Nous sommes à la fin du roman et bientôt de la représentation. Elena Solntseva, la directrice de l’École, a dirigé de son pupitre cette "orchestration" combinant "poésie mise en scène", chant et musique. Un mélange heureux qui a tenu notre attention depuis ce matin. Le rendu est à la fois très classique et très original.

Après le spectacle, était organisée une table ronde. Une journaliste de la radio carélienne animait ce débat en nous soumettant des questions sur la culture, la langue, mais aussi sur les ressentis de chacun.
Les élèves ont vécu des sentiments de partage qu’ils n’oublieront sans doute pas. Le temps effacera les noms et les visages, mais leur capacité à s’ouvrir et à apprendre des autres cultures est à jamais grandie par cette expérience vécue comme rare par tous, voire exceptionnelle pour certains.

Le bal

Pour clôturer le festival, les élèves ont participé à un bal de XIXe siècle.
Le bal est indissociable de cette époque, c’est un lieu de rencontres et d’amusement mais aussi de décisions importantes, qu’elles concernent une famille seulement ou la nation tout entière. C’est aussi tout un rituel, avec ses règles et ses codes qu les élèves avaient appris à déchiffrer.

Ce festival s’achève. Le titre de ce festival était « Enflamme le cœur des gens par le verbe ». Cette phrase est empruntée au dernier vers du poème « le Prophète » de Pouchkine. Elle était prémonitoire et visionnaire de la part d’Elena l’organisatrice car tous les enfants, comme leurs professeurs et accompagnateurs, se sont enrichis de cette expérience formidable, unique en apport culturel, en échanges humains et en émotions.

Eugène Onéguine

C’est une œuvre majeure de la littérature russe. Une ouvre qui a marqué toute la littérature et la poésie russes, mais aussi tout un chacun car chaque Russe est capable d’en réciter au moins un extrait. Tchaïkovski avait composé un opéra d’après ce roman, il y eut de nombreux films, pièces et ballets.

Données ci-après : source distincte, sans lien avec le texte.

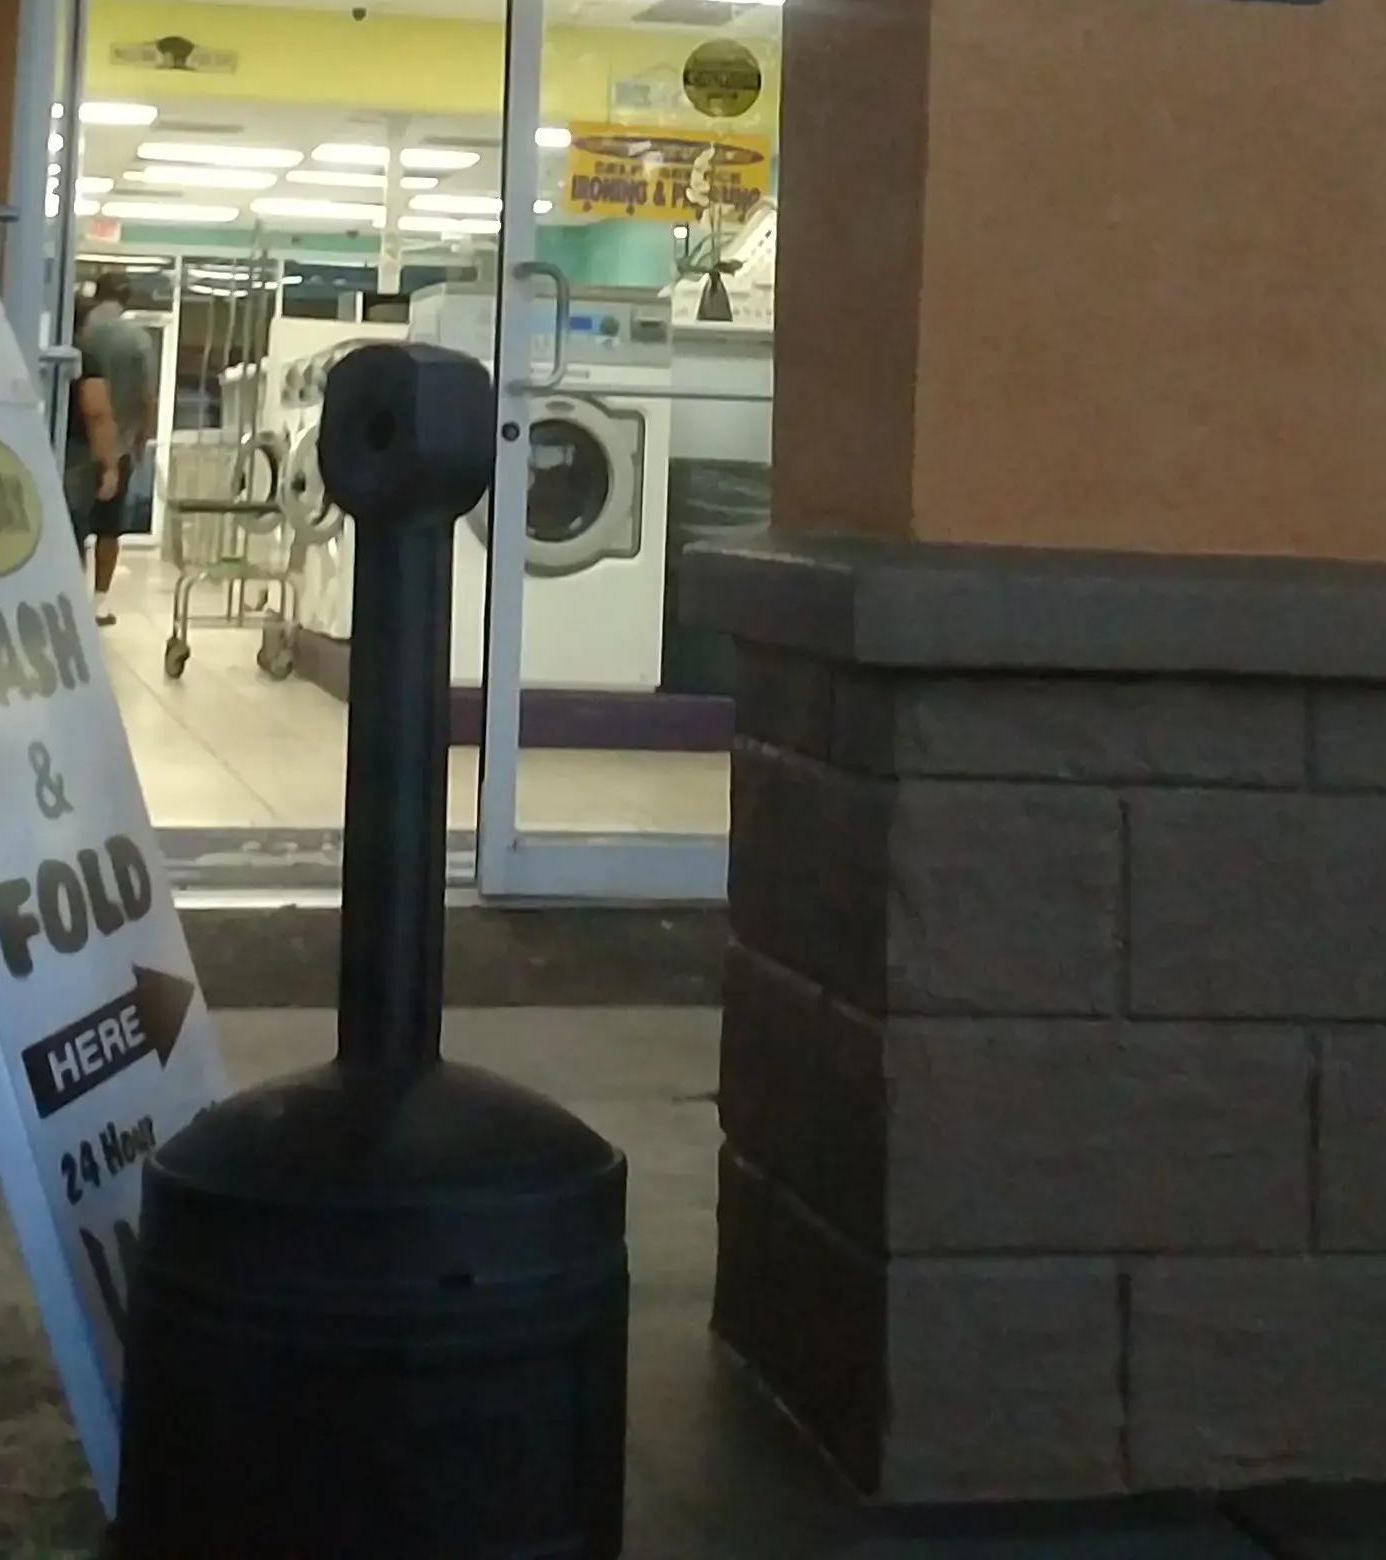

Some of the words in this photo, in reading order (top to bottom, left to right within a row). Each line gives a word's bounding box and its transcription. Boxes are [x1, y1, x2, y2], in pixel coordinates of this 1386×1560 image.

[28, 739, 75, 820] &
[47, 1004, 147, 1095] HERE
[60, 1139, 101, 1207] 24

D’après le grand critique littéraire Belinski, ce roman est "l’encyclopédie de la vie russe". On y découvre en effet une description détaillée et exhaustive de tous les aspects de la vie quotidienne en Russie au début du XIXe siècle : l’éducation, les loisirs, la nourriture, les mœurs, la mode, les sujets de conversation et les centres d’intérêt aussi bien à Moscou et à Saint-Pétersbourg qu’à la campagne, dans les milieux aristocratiques, bourgeois ou paysans, la Russie mondaine et la Russie attachée à ses racines, conservatrice, immuable.

Le héros du roman, Eugène, est un jeune aristocrate de Saint-Pétersbourg. Il passe son temps entre les les théâtres à la mode, les bals, les restaurants très chics et les conquêtes amoureuses. Mais il se lasse de tout, cette vie sans but, cette existence vide de sens le rend dépressif. Il part pour la campagne où il rencontre la fille du voisin, Tatiana, une jeune fille solitaire qui ne connait la vie qu’à travers les romans. C’est le début d’une histoire d’amour tragique.

Eugène est un jeune homme intelligent et ambitieux mais qui ne peut réaliser ses desseins dans la société russe du début de XIXe. Il représente toute une génération de jeunes gens brillants brimés par le pouvoir conservateur et répressif d’Alexandre I. Pouchkine crée ainsi l’archétype de "l’homme de trop", repris ensuite par Groboiédov et Lermontov, Tourguéniev et Gontcharov. Et Tolstoï décrit Pierre, le héros de Guerre et Paix, en ces termes : "Pierre avait cette capacité malheureuse de beaucoup de gens, surtout russes, la capacité de croire en la bonté et la vérité, et en même temps de voir la méchanceté et le mensonge de la vie de manière trop évidente pour pouvoir y prendre part."